- _YOUR ASSIGNMENT_
Repeat the whole listing. Keep it exact.
*** Opening EXCERPTED RECORDS ***
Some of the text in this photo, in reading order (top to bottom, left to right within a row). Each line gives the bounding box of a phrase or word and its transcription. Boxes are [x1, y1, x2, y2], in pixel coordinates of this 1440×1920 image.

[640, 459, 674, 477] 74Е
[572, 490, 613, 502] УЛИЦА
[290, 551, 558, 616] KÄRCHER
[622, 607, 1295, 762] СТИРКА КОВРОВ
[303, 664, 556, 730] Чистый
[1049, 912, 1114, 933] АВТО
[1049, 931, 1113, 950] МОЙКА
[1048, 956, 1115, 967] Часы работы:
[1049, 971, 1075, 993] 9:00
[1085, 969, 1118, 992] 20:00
*** Closing EXCERPTED RECORDS ***
- _TASK OUTPUT_
Some of the text in this photo, in reading order (top to bottom, left to right within a row). Each line gives the bounding box of a phrase or word and its transcription. Boxes are [x1, y1, x2, y2], in pixel coordinates of this 1440×1920 image.

[640, 459, 674, 477] 74Е
[572, 490, 613, 502] УЛИЦА
[290, 551, 558, 616] KÄRCHER
[622, 607, 1295, 762] СТИРКА КОВРОВ
[303, 664, 556, 730] Чистый
[1049, 912, 1114, 933] АВТО
[1049, 931, 1113, 950] МОЙКА
[1048, 956, 1115, 967] Часы работы:
[1049, 971, 1075, 993] 9:00
[1085, 969, 1118, 992] 20:00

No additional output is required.